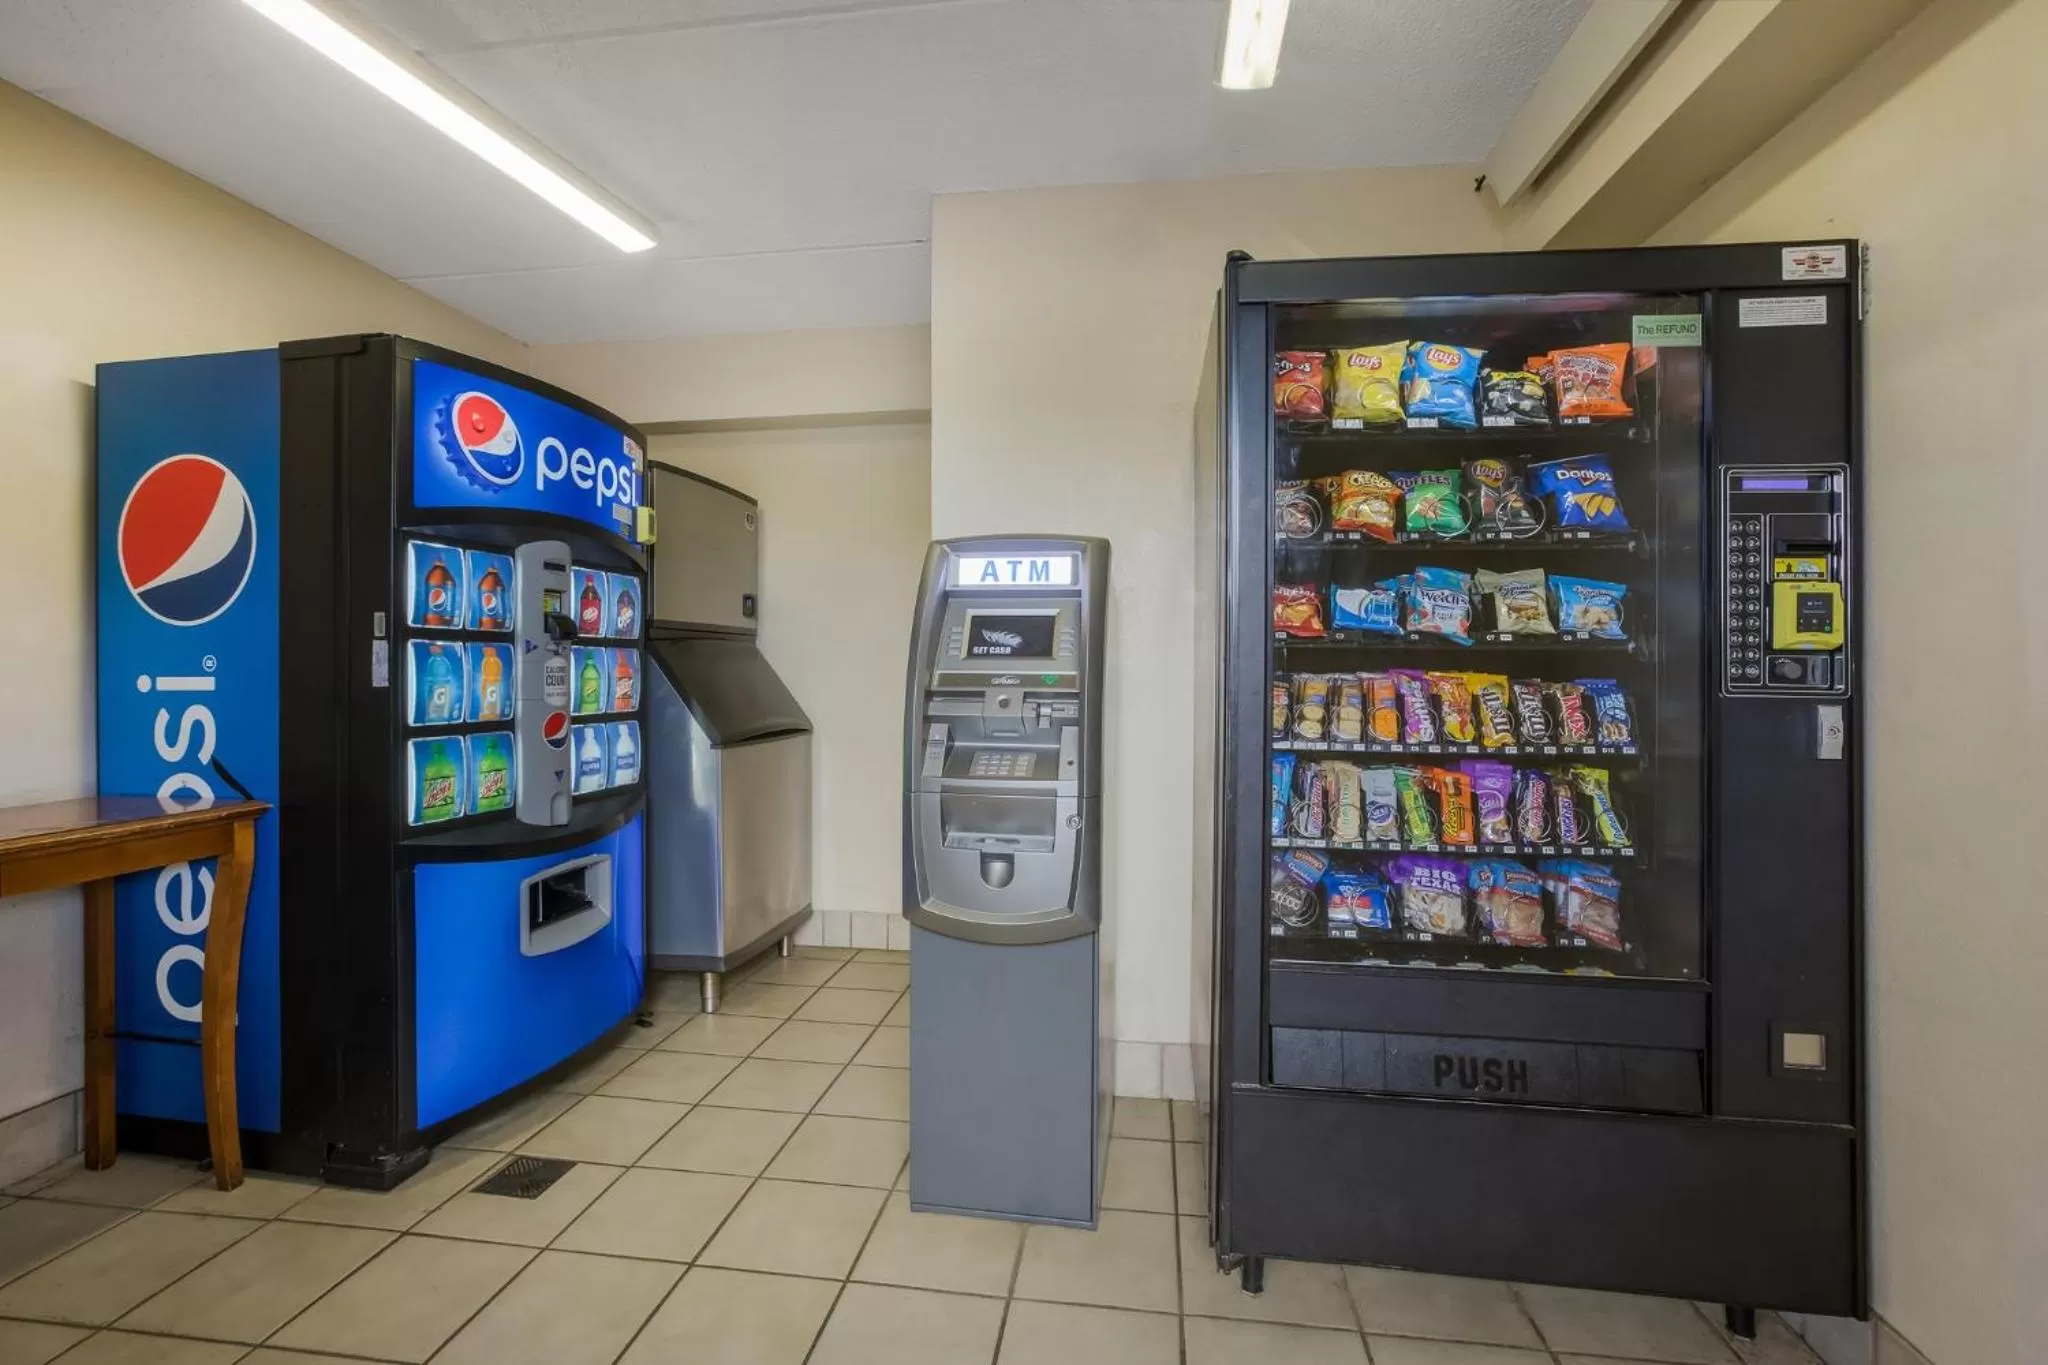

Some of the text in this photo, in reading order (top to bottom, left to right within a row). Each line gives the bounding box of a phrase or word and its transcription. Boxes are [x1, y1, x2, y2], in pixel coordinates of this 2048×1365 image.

[1636, 323, 1697, 335] The REFUND
[1349, 353, 1381, 370] Lay's
[1427, 348, 1461, 365] Lay's
[536, 436, 638, 508] pepsi
[1556, 469, 1613, 482] Doritos
[980, 560, 1050, 583] ATM
[137, 675, 238, 1026] pesi
[1414, 866, 1457, 882] BIG
[1433, 1054, 1529, 1094] PUSH

● ● ●

Your answer must be an exact copy of the entries above, with no pictures in it.

Some of the text in this photo, in reading order (top to bottom, left to right within a row). Each line gives the bounding box of a phrase or word and its transcription. Boxes are [x1, y1, x2, y2], in pixel coordinates of this 2048×1365 image.

[1636, 323, 1697, 335] The REFUND
[1349, 353, 1381, 370] Lay's
[1427, 348, 1461, 365] Lay's
[536, 436, 638, 508] pepsi
[1556, 469, 1613, 482] Doritos
[980, 560, 1050, 583] ATM
[137, 675, 238, 1026] pesi
[1414, 866, 1457, 882] BIG
[1433, 1054, 1529, 1094] PUSH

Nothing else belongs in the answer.